De verdachte heeft door zijn handelen een zeer bedreigende en beangstigende situatie gecreëerd voor de slachtoffers. Zij zijn geslagen en bedreigd met een vuurwapen en hebben gevreesd voor hun leven. Beide slachtoffers hebben aangegeven psychische klachten te hebben overgehouden aan de afpersing. De verdachte heeft hierbij enkel gedacht aan zijn eigen financiële gewin. Dit is ernstig mede omdat dergelijke feiten, gepleegd op de openbare weg, gevoelens van angst en onveiligheid onder burgers aanwakkeren.
Persoon van de verdachte
Met betrekking tot de persoon van de verdachte heeft de rechtbank onder meer gelet op het strafblad van de verdachte van 10 juni 2025, waaruit blijkt dat de verdachte in 2023 door de kinderrechter is veroordeeld voor vuurwapenbezit. Dit weegt de rechtbank mee in het nadeel van de verdachte.
Daarnaast heeft de rechtbank acht geslagen op het advies van 20 juni 2025 van de Reclassering Nederland. Uit dit advies volgt dat het gaat om een jonge verdachte, die een voorzichtige positieve wending heeft ingezet. Het risico op recidive wordt ingeschat als gemiddeld-hoog, met name omdat de verdachte geen dagbesteding heeft, beïnvloedbaar is en er negatieve sociale contacten op na houdt. Ook is er volgens de reclassering vermoedelijk sprake van middelengebruik, wat de verdachte passief kan maken. De reclassering adviseert de verdachte een (deels) voorwaardelijk straf op te leggen met de bijzondere voorwaarden van een meldplicht bij de reclassering, ambulante behandeling bij De Waag, begeleid wonen of maatschappelijke opvang, een contactverbod met de aangevers, dagbesteding en het meewerken aan middelencontrole. Het risico op onttrekking aan voorwaarden wordt laag ingeschat, omdat de verdachte zich in het verleden en tijdens zijn schorsingstoezicht in de afgelopen anderhalf jaar aan de afspraken heeft gehouden. De verdachte heeft ter terechtzitting aangegeven dat hij bereid is om zich te houden aan de geadviseerde bijzondere voorwaarden.
De op te leggen straf
Gelet op de aard en de ernst van het gepleegde feit acht de rechtbank oplegging van een onvoorwaardelijke gevangenisstraf van een aanzienlijke duur gerechtvaardigd. De rechtbank ziet in de leeftijd, de persoonlijke omstandigheden en de proceshouding van de verdachte echter aanleiding om hier van af te wijken en hem niet terug naar de gevangenis te sturen.

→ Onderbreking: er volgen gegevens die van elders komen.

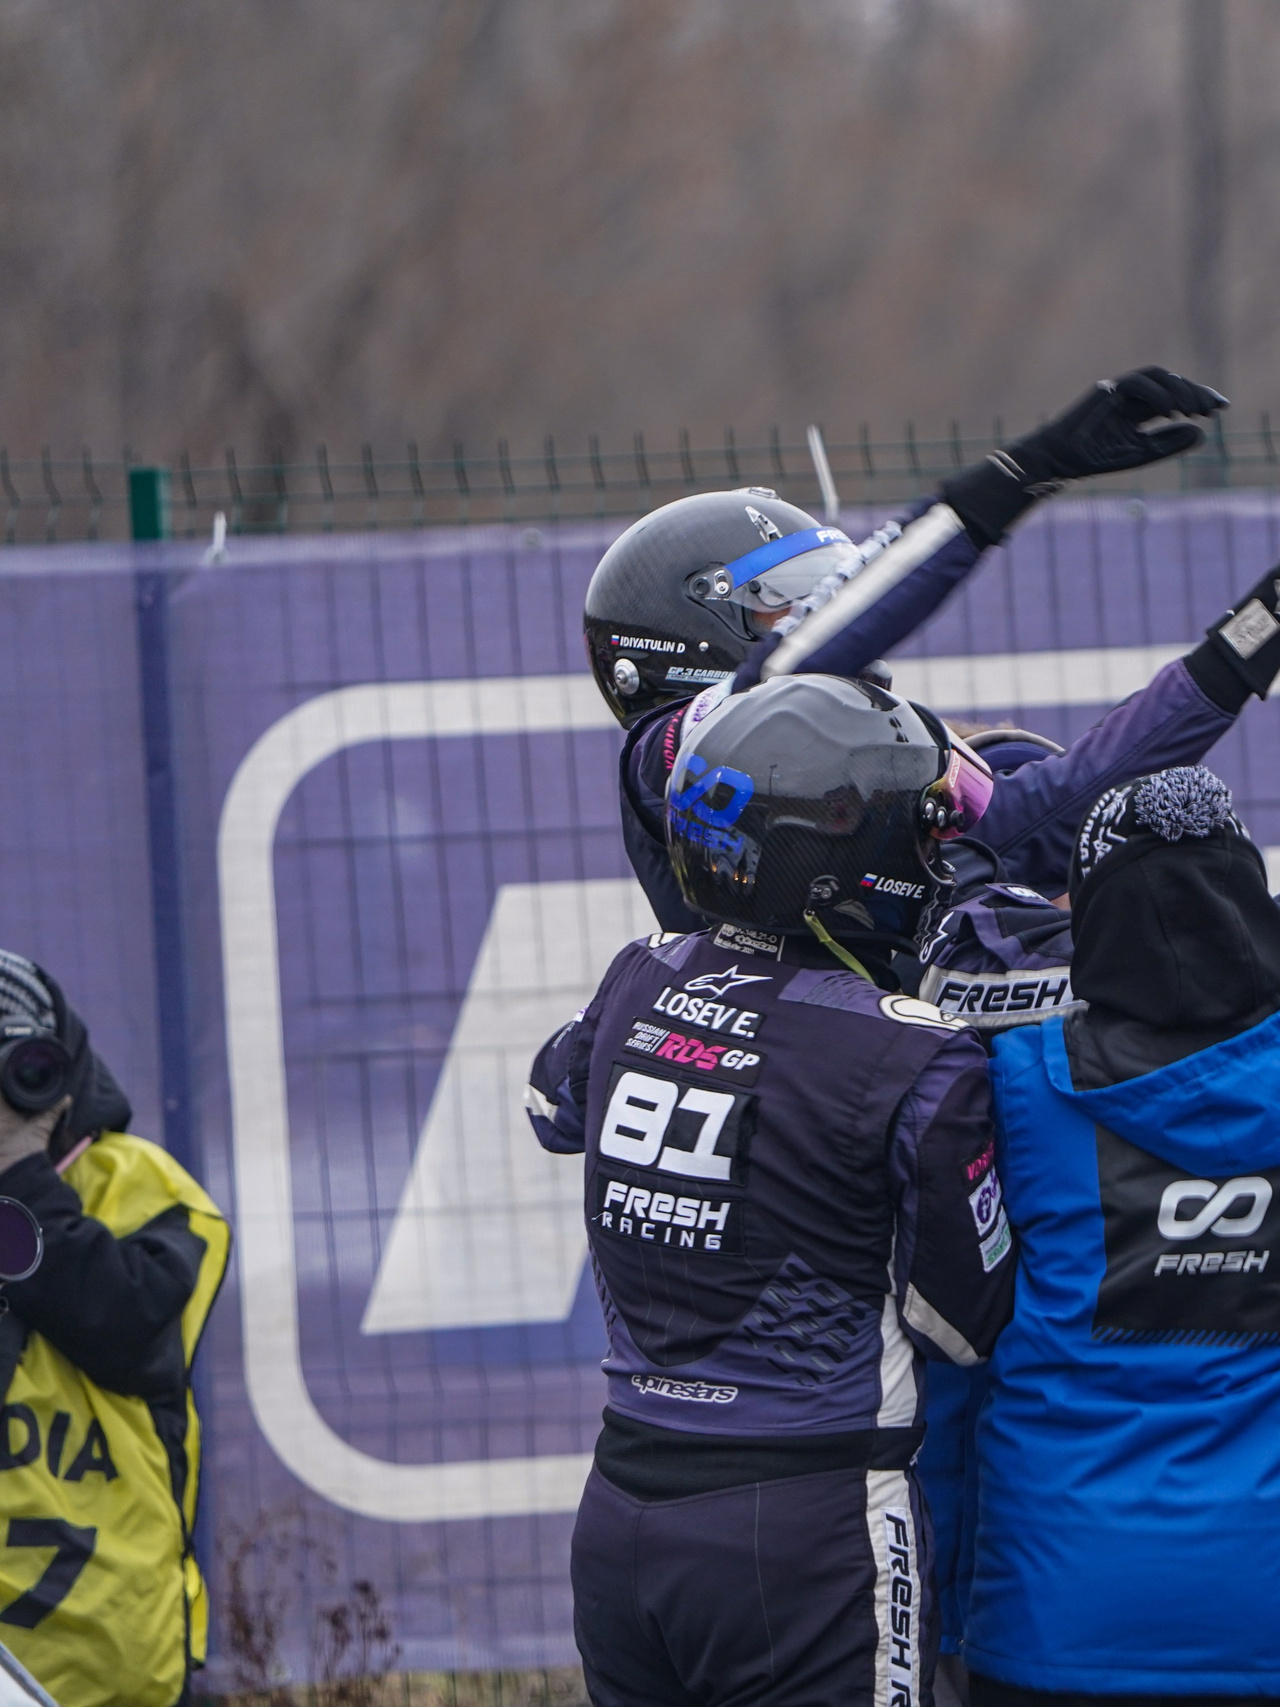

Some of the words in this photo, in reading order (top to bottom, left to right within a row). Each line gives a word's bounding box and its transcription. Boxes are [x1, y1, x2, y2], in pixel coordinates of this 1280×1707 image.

Alles afwegende is de rechtbank van oordeel dat aan de verdachte een vrijheidsbenemende straf van 401 dagen moet worden opgelegd. De rechtbank zal echter bepalen dat een gedeelte van de vrijheidsbenemende straf, te weten 360 dagen, vooralsnog niet ten uitvoer zal worden gelegd en zal daaraan een proeftijd verbinden van twee jaren, zodat de verdachte ervan wordt weerhouden zich voor het einde van die proeftijd schuldig te maken aan een strafbaar feit. Aan het voorwaardelijk strafdeel worden de bijzondere voorwaarden verbonden die in het reclasseringsrapport van 20 juni 2025 zijn geadviseerd, met uitzondering van het contactverbod en het begeleid wonen of maatschappelijke opvang. Daarnaast zal de rechtbank de verdachte een taakstraf van 240 uur opleggen.
Dadelijke uitvoerbaarheid
De rechtbank is - gelet op het strafblad van de verdachte en hetgeen de reclassering heeft overwogen over het recidivegevaar - van oordeel dat er ernstig rekening mee moet worden gehouden dat de verdachte opnieuw een feit zal plegen dat gericht is tegen of gevaar veroorzaakt voor de onaantastbaarheid van het lichaam van een of meer personen. Daarom zal de rechtbank bevelen dat de hierna genoemde bijzondere voorwaarden dadelijk uitvoerbaar zijn.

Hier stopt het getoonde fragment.